═════ Source data ═════

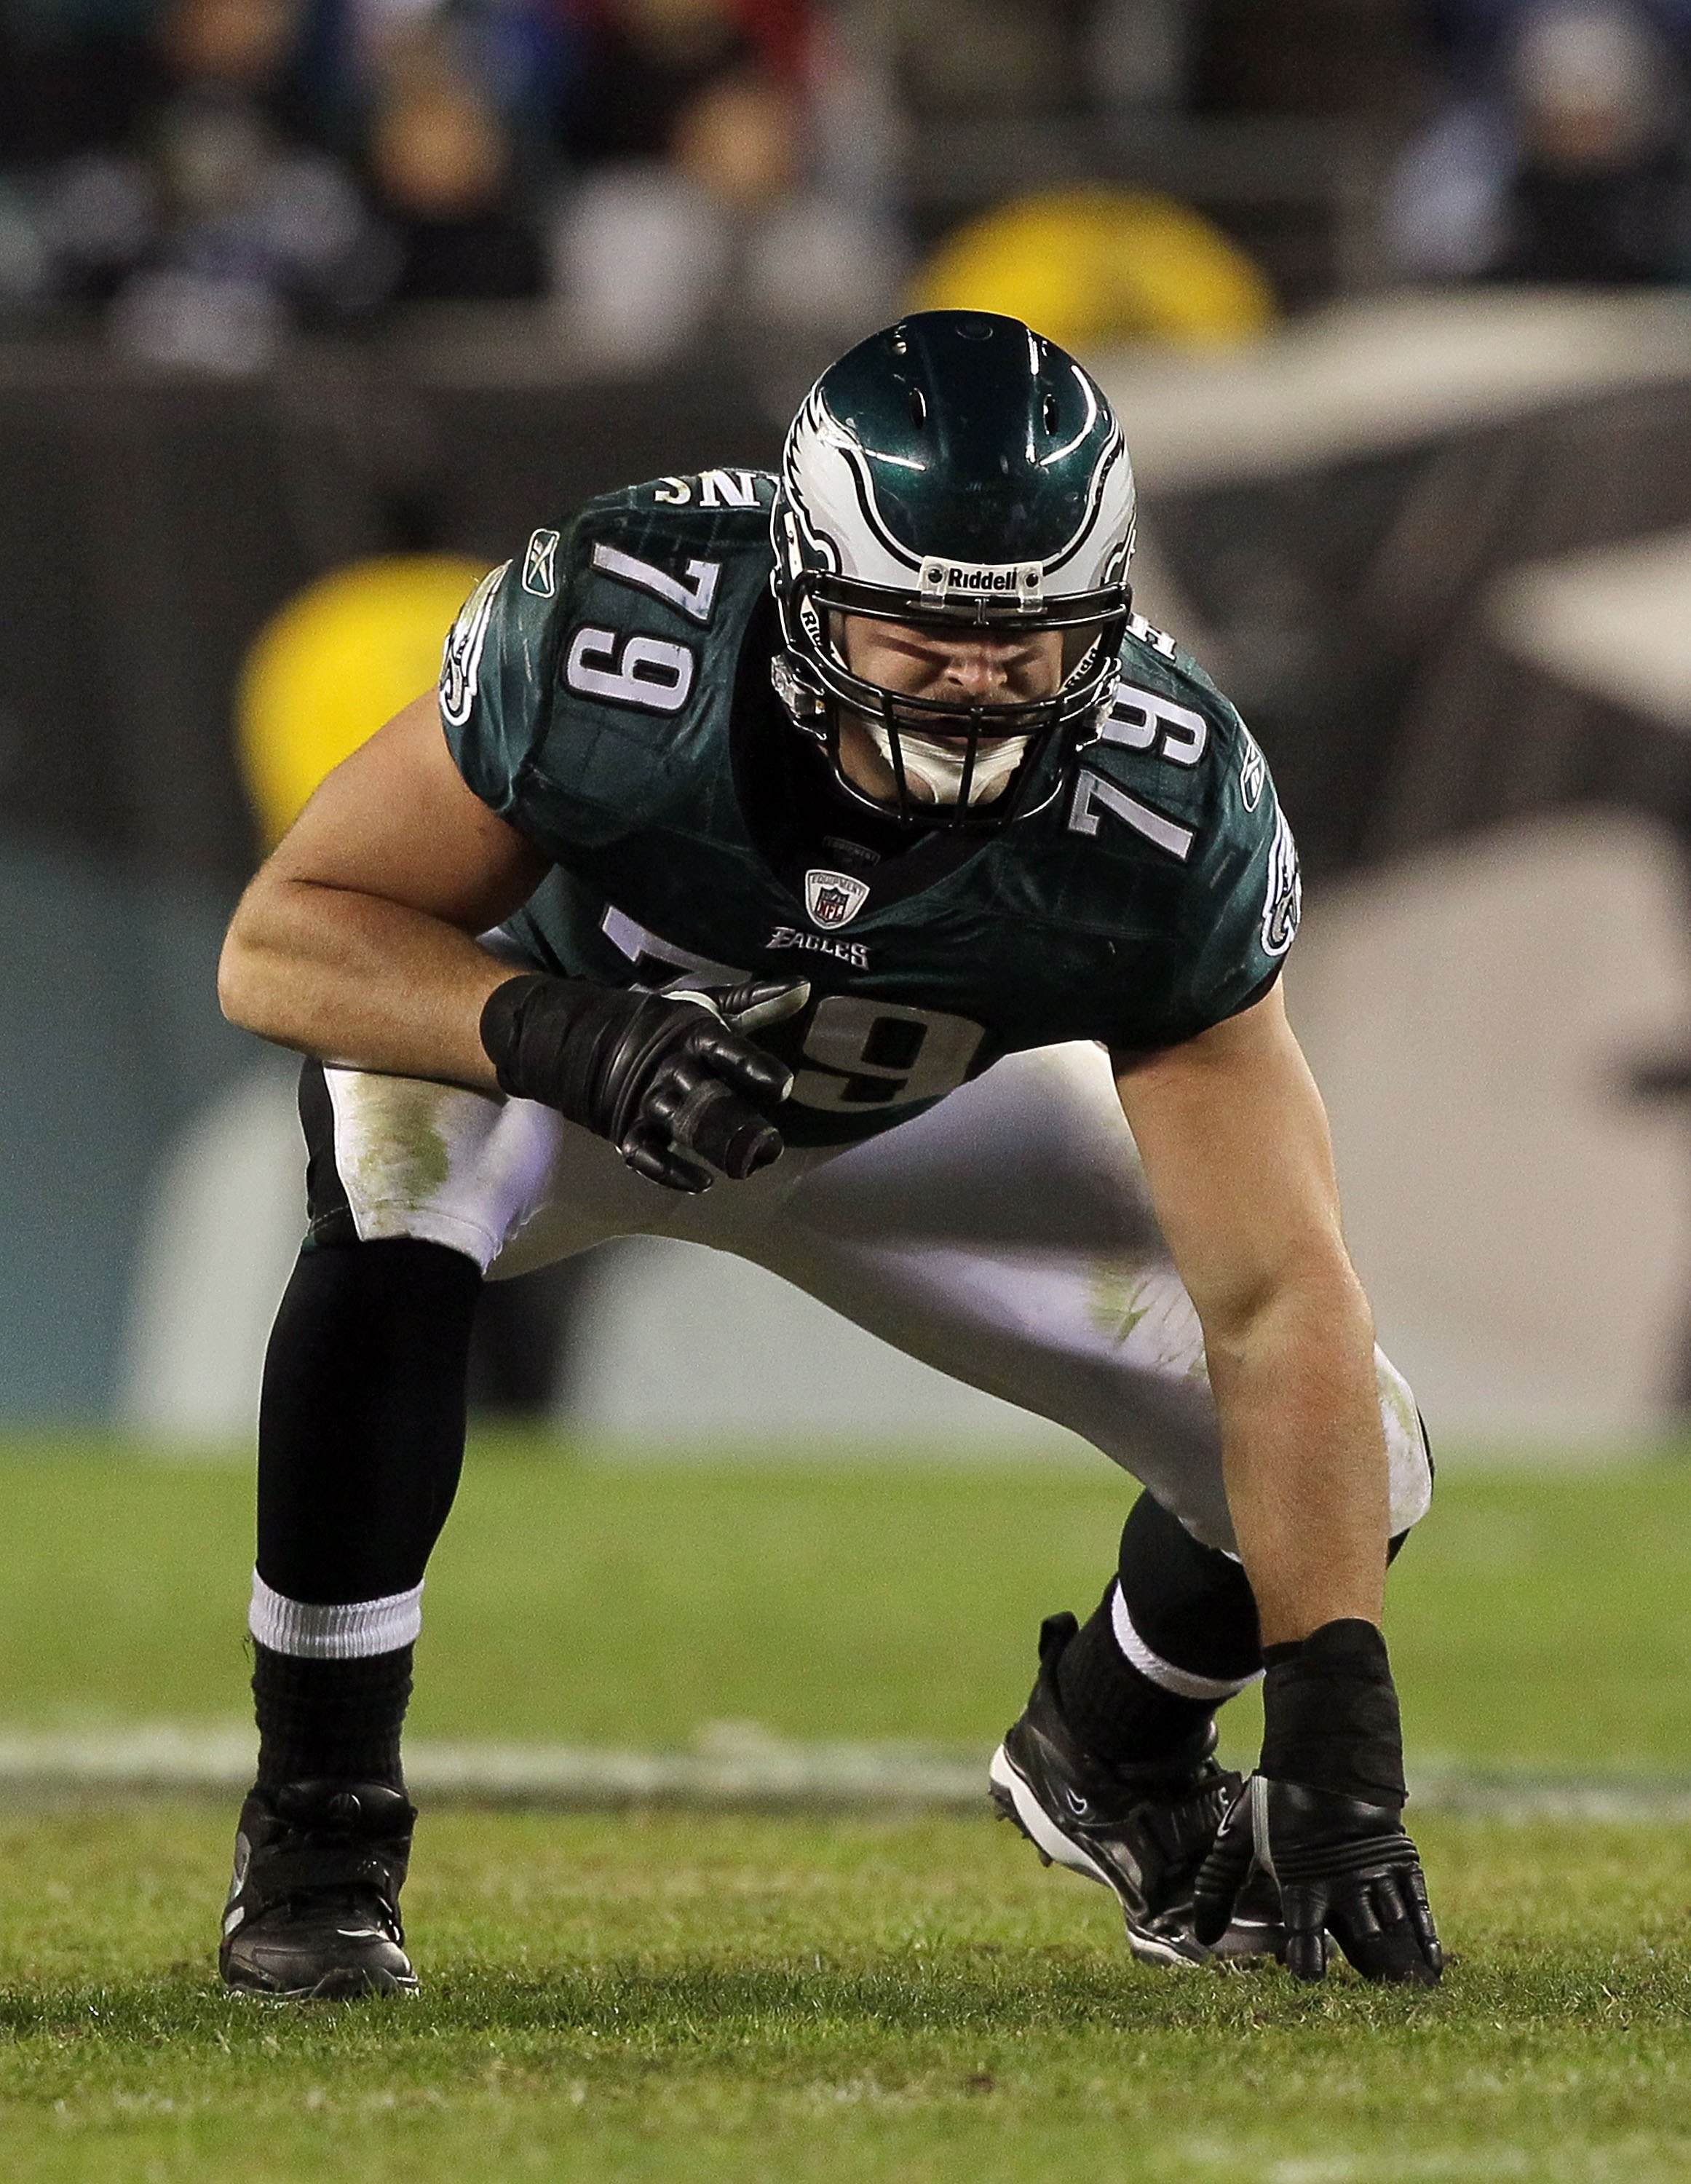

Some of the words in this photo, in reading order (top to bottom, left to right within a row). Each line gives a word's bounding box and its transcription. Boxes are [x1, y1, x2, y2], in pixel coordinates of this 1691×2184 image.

[949, 566, 1018, 591] Riddell
[567, 542, 721, 712] 79
[1068, 681, 1208, 861] 79
[817, 901, 844, 921] NFL
[766, 926, 873, 970] EAGLES
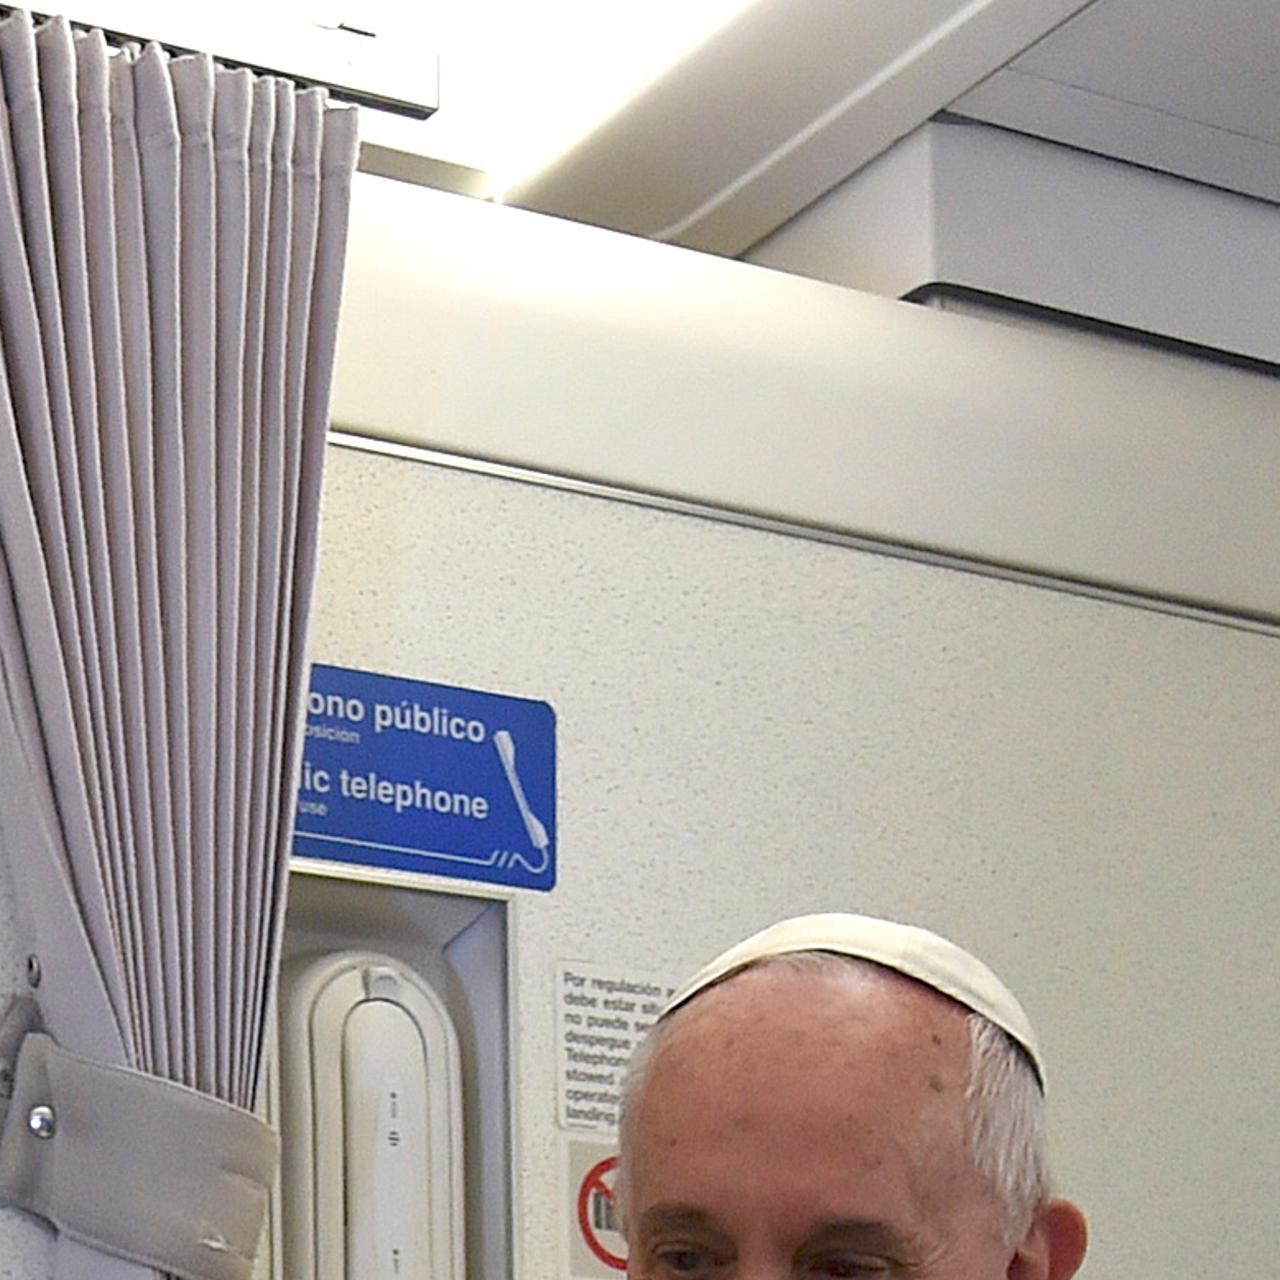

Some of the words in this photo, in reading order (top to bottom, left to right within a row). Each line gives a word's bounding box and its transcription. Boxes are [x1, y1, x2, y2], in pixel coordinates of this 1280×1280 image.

[308, 692, 365, 722] ono
[375, 700, 486, 743] público
[303, 762, 331, 793] ic
[339, 769, 489, 820] telephone
[563, 972, 586, 987] Por
[591, 979, 661, 997] regulación
[564, 994, 596, 1008] debe
[603, 999, 636, 1012] estar
[564, 1013, 581, 1025] no
[587, 1016, 629, 1031] puede
[565, 1030, 631, 1051] despegue
[565, 1047, 631, 1067] Telephon
[566, 1070, 615, 1086] stowed
[566, 1089, 621, 1105] operate
[567, 1106, 616, 1126] landing
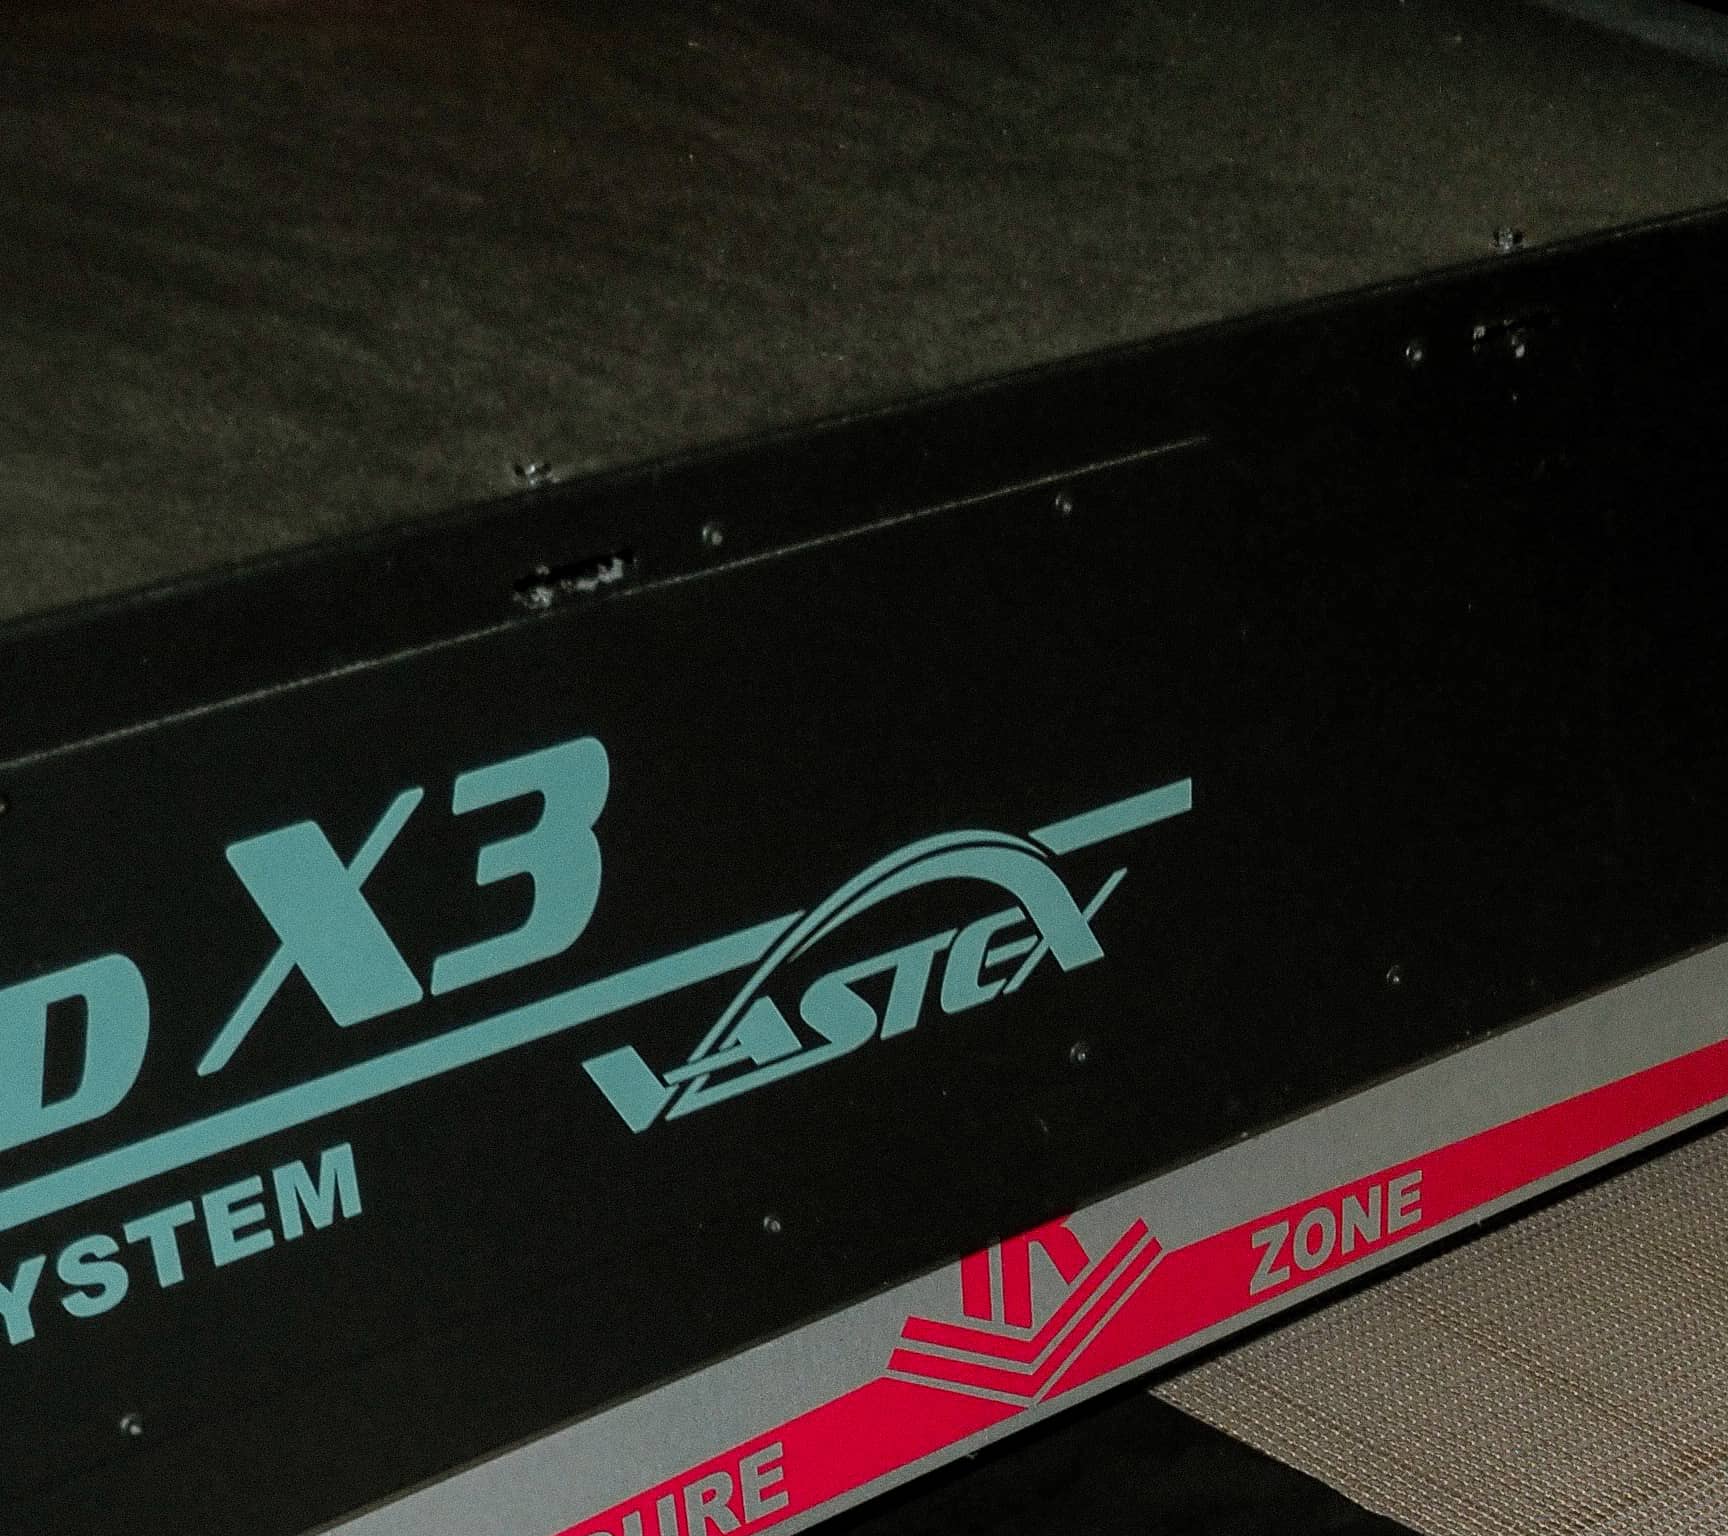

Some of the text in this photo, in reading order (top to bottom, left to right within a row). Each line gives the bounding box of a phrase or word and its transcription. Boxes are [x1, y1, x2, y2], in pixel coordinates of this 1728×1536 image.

═════

Required work:
The result should be all the records, retyped exactly, with no pictures among them.

Response to the task:
Some of the words in this photo, in reading order (top to bottom, left to right within a row). Each line gives a word's bounding box and its transcription. Boxes are [x1, y1, x2, y2], in pixel coordinates of this 1691×2184 image.

[949, 566, 1018, 591] Riddell
[567, 542, 721, 712] 79
[1068, 681, 1208, 861] 79
[817, 901, 844, 921] NFL
[766, 926, 873, 970] EAGLES

Some of the words in this photo, in reading order (top to bottom, left to right within a row). Each line gives a word's bounding box and its transcription. Boxes are [x1, y1, x2, y2], in pixel coordinates of this 1280×1280 image.

[308, 692, 365, 722] ono
[375, 700, 486, 743] público
[303, 762, 331, 793] ic
[339, 769, 489, 820] telephone
[563, 972, 586, 987] Por
[591, 979, 661, 997] regulación
[564, 994, 596, 1008] debe
[603, 999, 636, 1012] estar
[564, 1013, 581, 1025] no
[587, 1016, 629, 1031] puede
[565, 1030, 631, 1051] despegue
[565, 1047, 631, 1067] Telephon
[566, 1070, 615, 1086] stowed
[566, 1089, 621, 1105] operate
[567, 1106, 616, 1126] landing

Some of the text in this photo, in reading order (top to bottom, left to right within a row). Each line gives the bounding box of a phrase or word and its transcription. Boxes are [x1, y1, x2, y2], in pixel coordinates of this 1728×1536 image.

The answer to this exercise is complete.